今回は花粉症についてお話しさせていただきます。
◎こどもにおける花粉症の割合
スギ花粉症は0~4歳が3.8%、5~9歳が30.1%、10~19歳が49.5%と報告されています1)。0歳児が花粉症になることは通常ありませんが、早い方だと2歳前後から花粉症の症状を認める方もいらっしゃいます。花粉症などのアレルギー性鼻炎は近年有病率が増加傾向であり、こどもも含めまさに国民病となっています。
【参考文献】
1)松原篤ほか:鼻アレルギーの全国疫学調査2019 (1998年, 2008年との比較) : 速報―耳鼻咽喉科医およびその家族を対象として.日耳鼻 2020;123:485-490
◎花粉の飛んでいる時期
近畿地方ではスギ花粉は2月後半から3月頃、ヒノキ花粉は3月後半から4月頃に多く飛散します。夏から秋にかけてイネ科(カモガヤ、オオアワガエリなど)やブタクサの花粉が飛散し、花粉症の症状が出現することもあります。
◎花粉症の診断はどうやって行うか
花粉症の診断は、花粉症の時期になると鼻水、目のかゆみ、くしゃみなどが起こる(特に晴れている日に外出すると悪化する)という症状があったうえで、下記の所見を参考に行います。
・診察所見:鼻の中を見て、鼻の粘膜の状態を見ます(アレルギー性鼻炎では青白く腫れていることが多いです)
・鼻水の所見:通常アレルギー性鼻炎ではサラサラの鼻水が出ます
・血液検査:原因となるアレルゲンの値が上がっているかどうか調べます
◎花粉症の治療はどのように行うか
花粉症の治療は、症状に応じて下記の治療を組み合わせて行います。
【飲み薬】通常抗ヒスタミン薬を使用します。抗ヒスタミン薬には色々な種類がありますが、通常眠くなりにくい薬を年齢や症状に応じて選択して処方します。場合により、漢方薬を補助的に処方することもあります(お子さんでは漢方薬は飲みにくいこともあるため、適宜相談しながら治療を行います)。

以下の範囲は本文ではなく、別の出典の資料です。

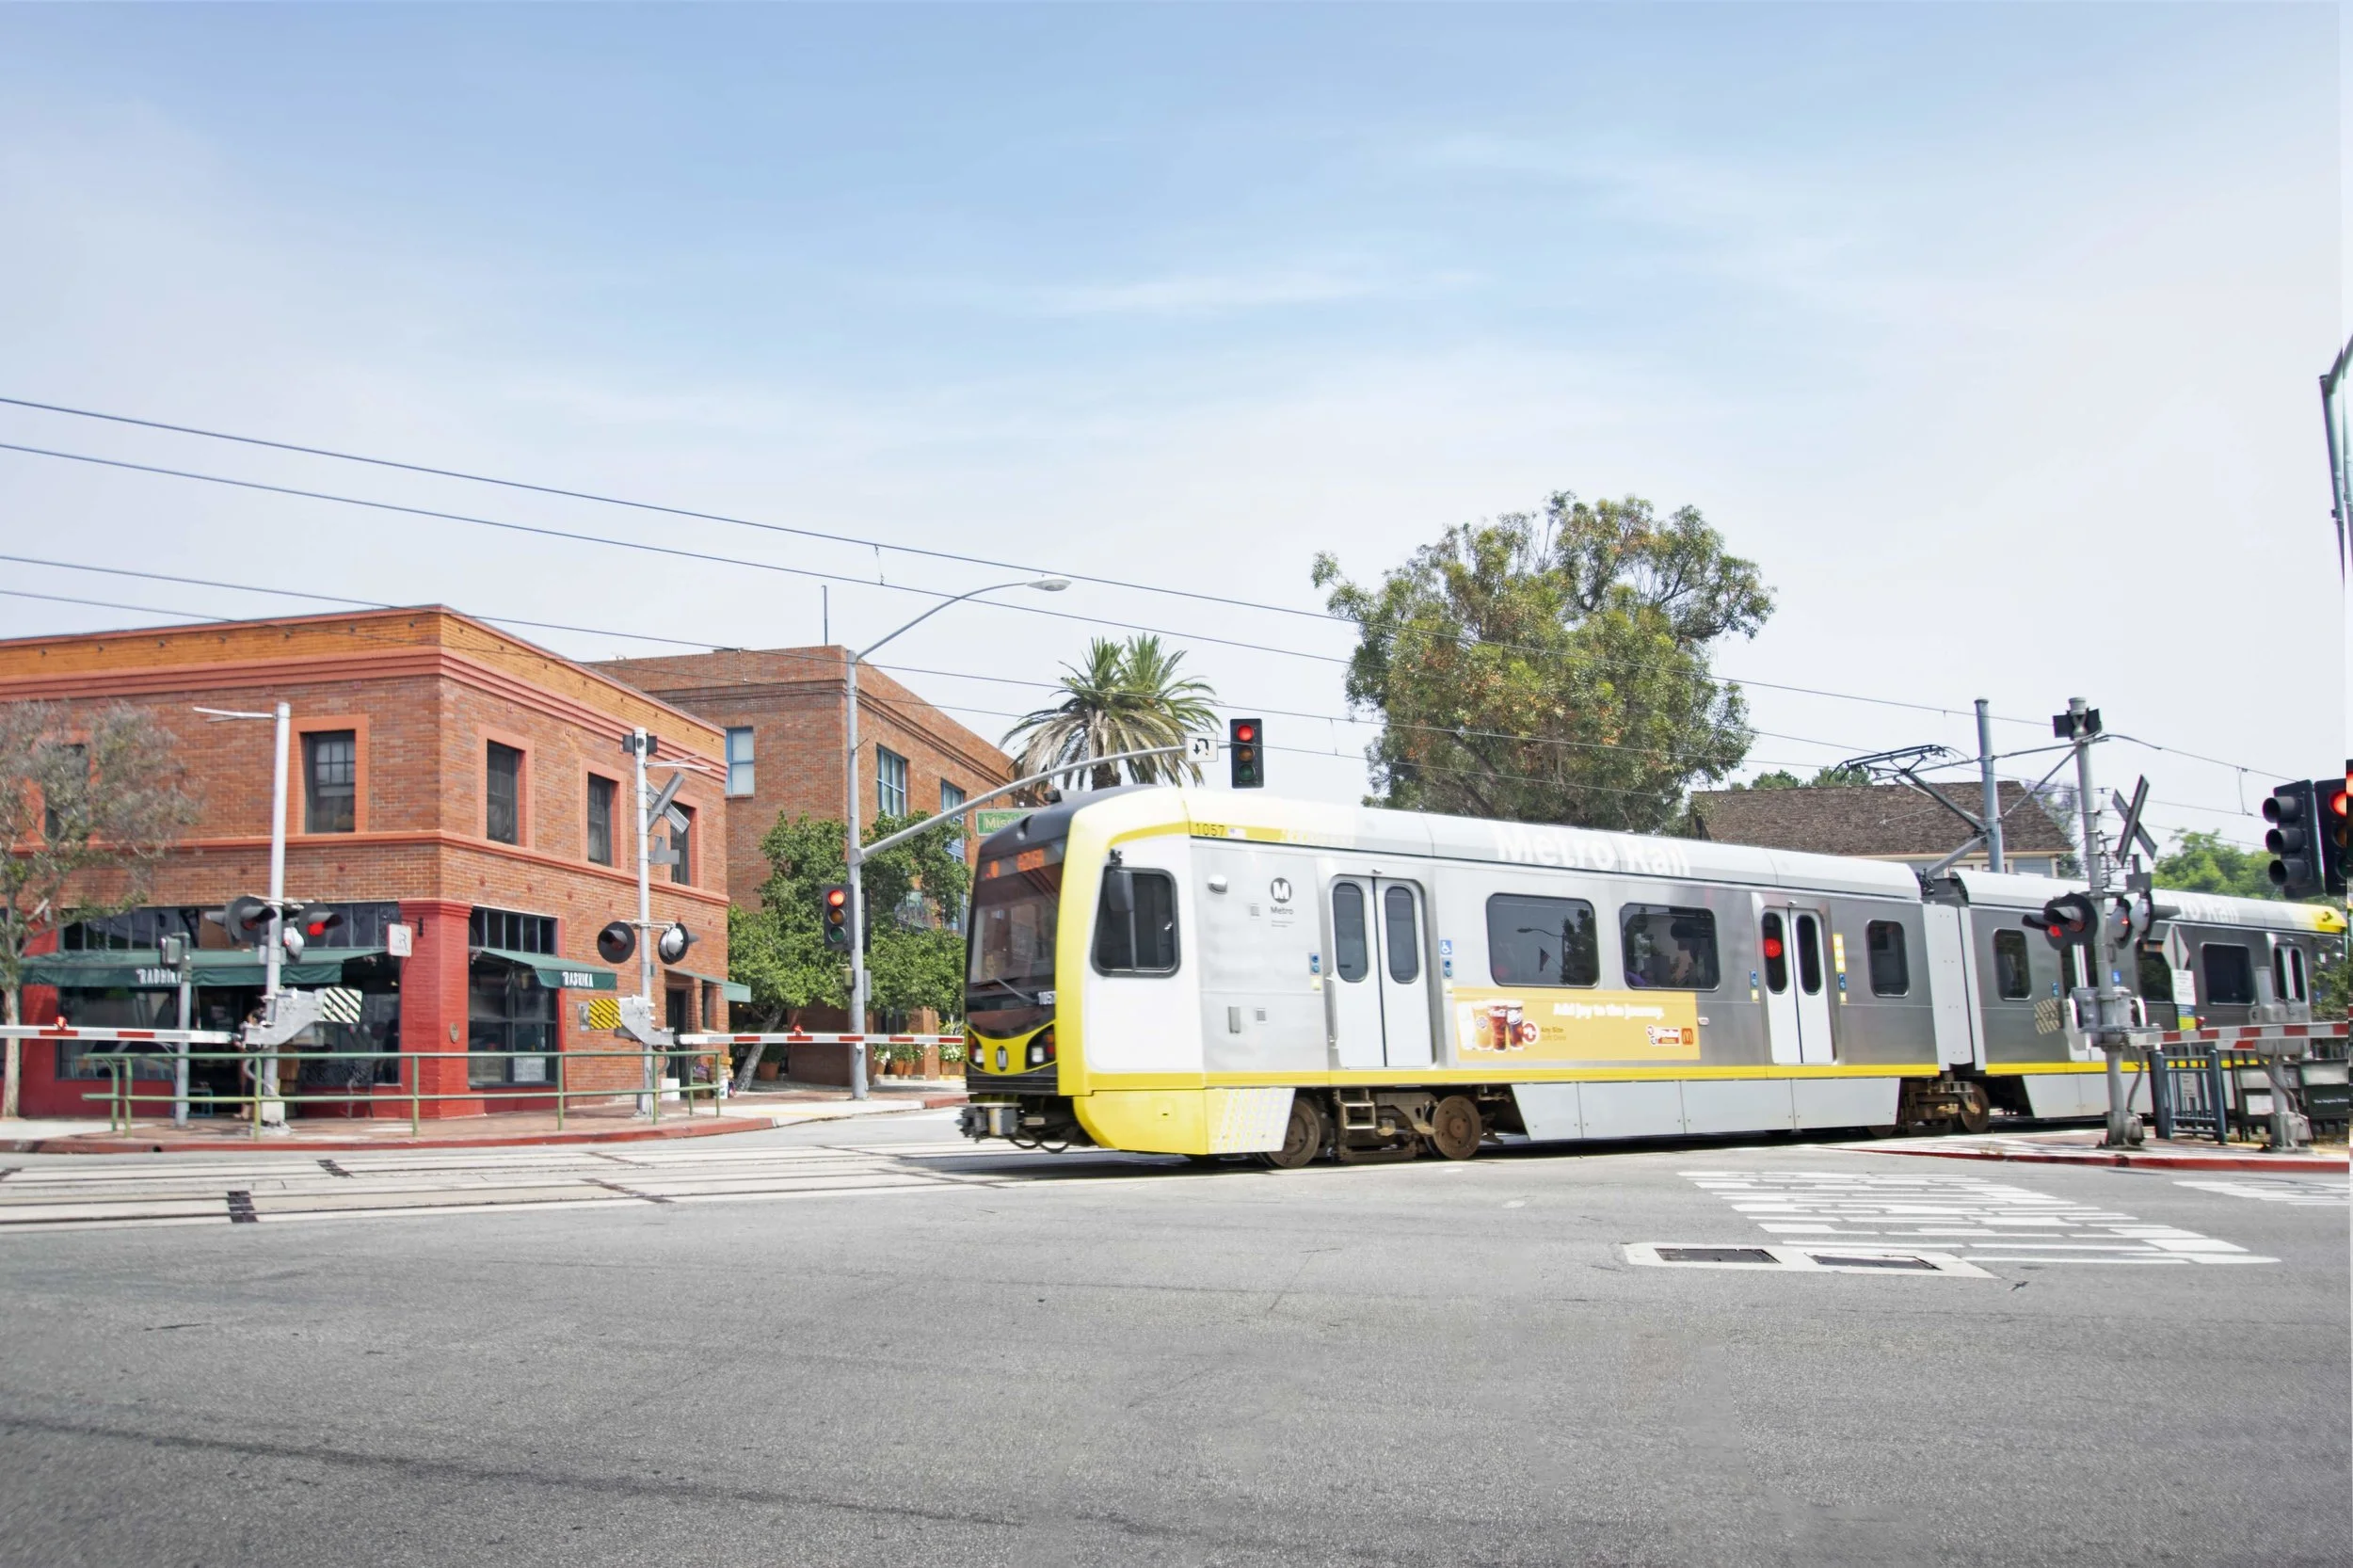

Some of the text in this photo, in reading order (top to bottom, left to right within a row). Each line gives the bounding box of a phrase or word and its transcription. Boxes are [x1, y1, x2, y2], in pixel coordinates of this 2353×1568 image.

[1195, 823, 1225, 837] 1057
[1488, 822, 1691, 876] Metro Rail
[1271, 905, 1294, 915] Metro

【目薬】抗ヒスタミン薬の点眼を行います。症状が強い場合はステロイドの点眼を併用することもあります。
【点鼻薬】ステロイドの点鼻薬を使用します。花粉症の時期のみ使用する場合は気になる副作用が出ることはほとんどありません。また、補助的に抗ヒスタミン薬の点鼻薬を使用することもあります。
【舌下免疫療法】スギ花粉症に対して根本的な体質改善(長期寛解・治癒)が期待できる唯一の治療法です。ただ、数年間と長期間の治療が必要なこと、速効性がないこと、スギ花粉の飛散時期には開始できない(通常6~12月に開始します)ため注意が必要です。舌下免疫療法について詳しく知りたい方はこちら
◎日常生活で気を付けたいこと
花粉を避けるための行動は以下の通りです。全て実践するのは難しいので、できそうなものから取り組んでいきましょう。
・家に入る前に衣服、髪の毛についている花粉をよくはらい、室内に入ったらすぐ着替えてうがい、手洗い、洗顔をしましょう。
・窓はなるべく開けず、洗濯物や布団はなるべく屋外で干さないようにしましょう。屋外に干した場合でも取り込む前にしっかりと花粉をはらうようにしましょう。
・空気清浄機やエアコンのフィルターをこまめに水洗いしましょう。
・床もこまめに掃除しましょう。この時は掃除機よりも、拭き掃除の方が花粉が舞い散りにくいのでおススメです。
・外出時はメガネやマスクをつけましょう。コートは花粉を落としやすい、表面がつるつるのものがおススメです。
以上、花粉症についてお話させていただきました。
最後までご覧いただきありがとうございました。